En general, el miedo surge al intuir un peligro contra el propio yo. Depende como estemos aferrados a nuestro yo así será nuestro miedo. Quien ha decidido dar su vida desde su yo más profundo, ya nada le pueden quitar y deja de temer. Cuanto más aferrados estemos a nuestra vida y cuanto más nos identifiquemos con lo que poseemos, lo que deseamos, lo que aparentamos, etc., tanto más temor tendremos a perder cualquier cosilla, considerándolo como una ofensa personal si nos la quitan, como un atentado a nuestro yo prisionero de multitud de naderías. Observemos cómo vivimos las ofensas que nos puedan hacer los demás y sabremos dónde tenemos nuestro yo. Y es que el ego es muy inseguro y vulnerable, por eso se siente tan amenazado.

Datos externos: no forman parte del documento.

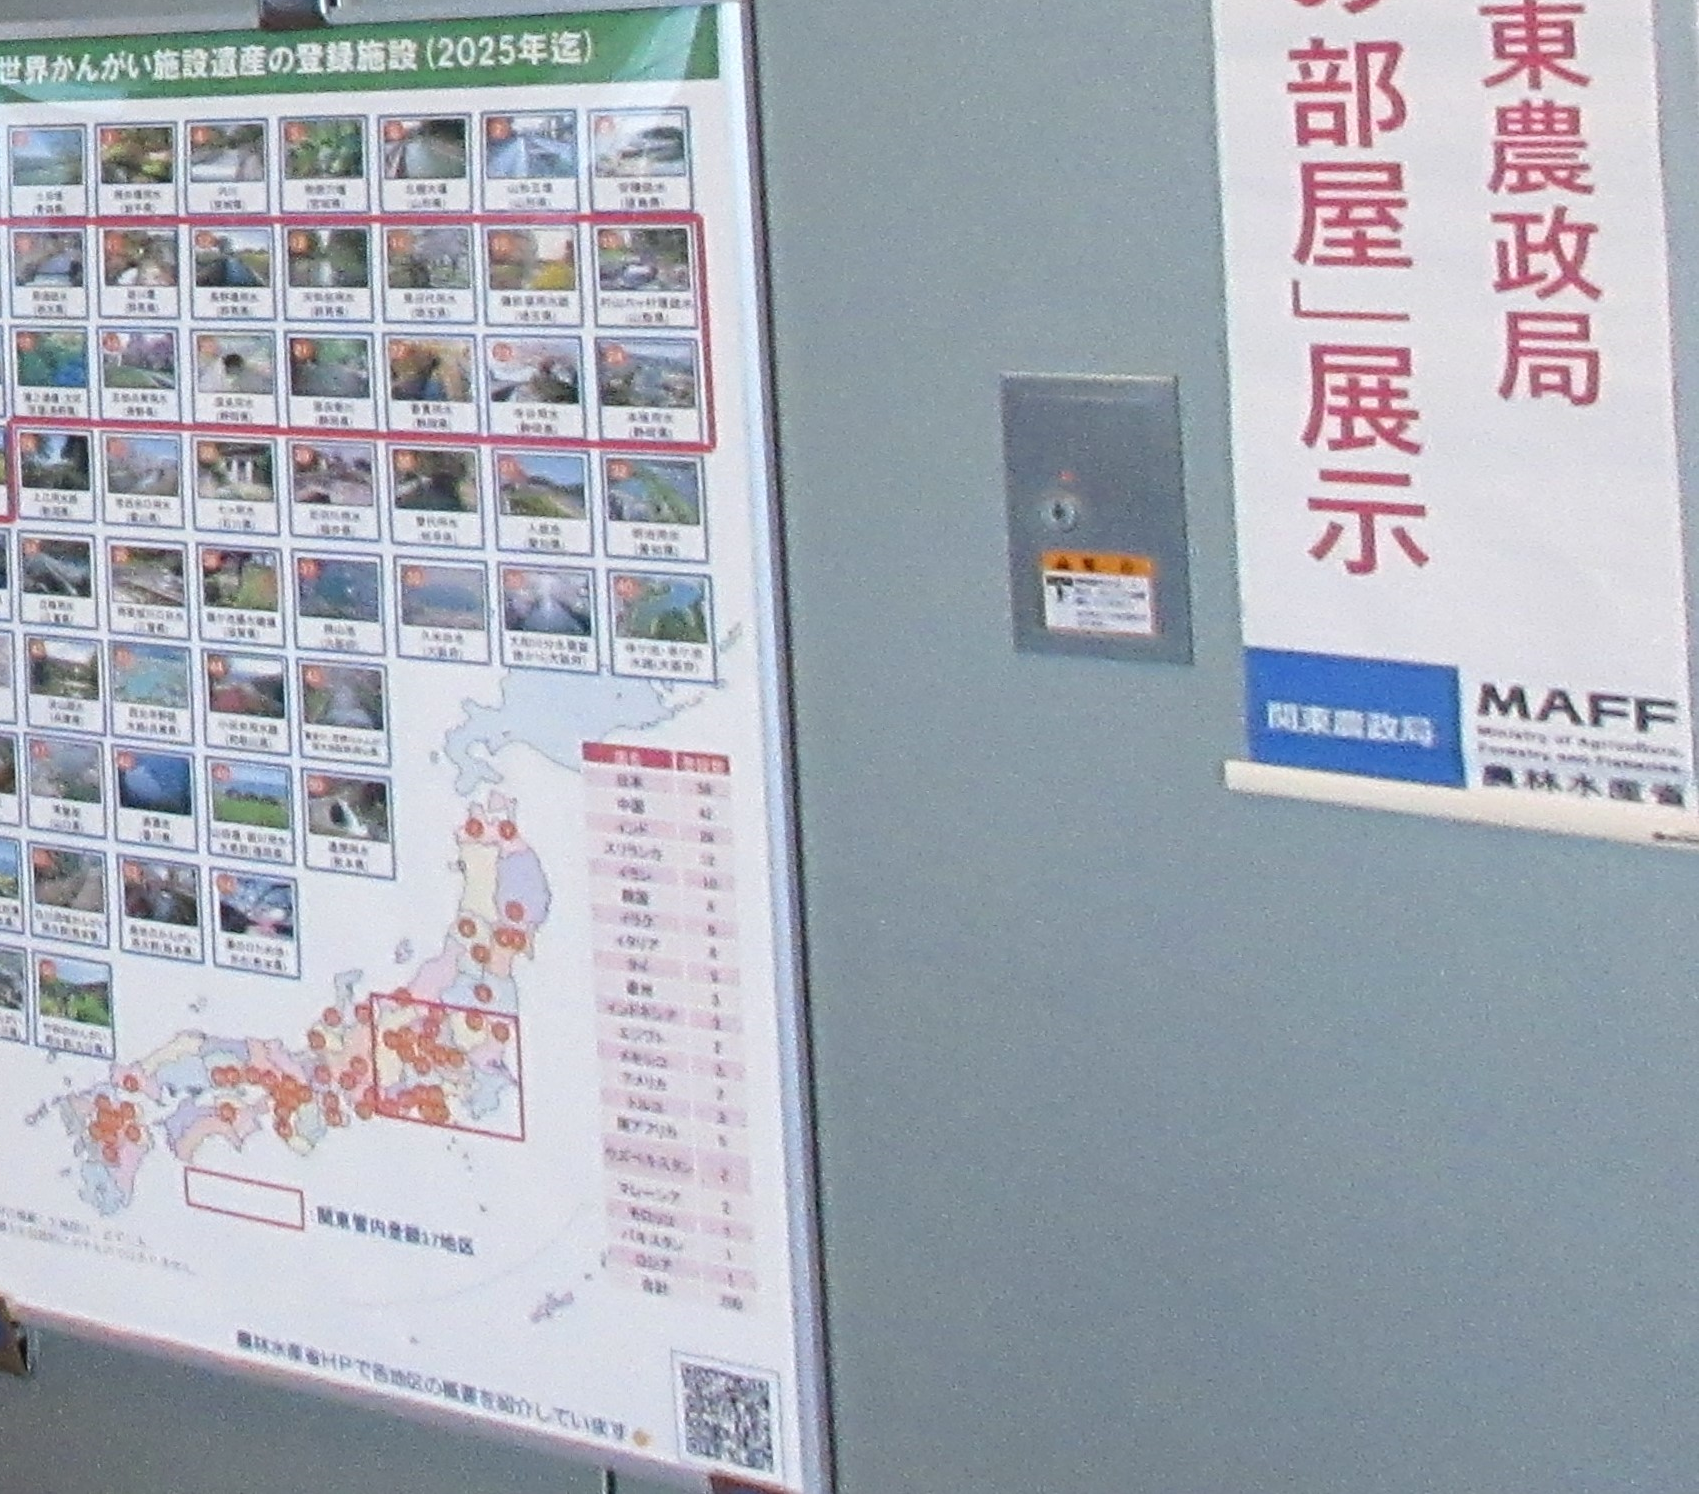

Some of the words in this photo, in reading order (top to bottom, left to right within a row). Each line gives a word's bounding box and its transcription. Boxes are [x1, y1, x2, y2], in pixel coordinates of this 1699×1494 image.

Fijaros cómo actuamos en algo tan cotidiano como una discusión con otro que opina diferente a mí. Si me acaloro en la defensa de mis pensamientos, quizá es que me haya identificado con esos pensamientos, no pudiendo aceptar mi equivocación al temer morir con ellos si no consigo rebatir a mi opositor. Si tomo conciencia de que yo soy más que mis pensamientos, los podré exponer tal y como los siento sin agresividad y quedaré en paz si otros los rechazan, teniendo más capacidad de aceptar la diversidad. Yo soy mucho más que mi mente.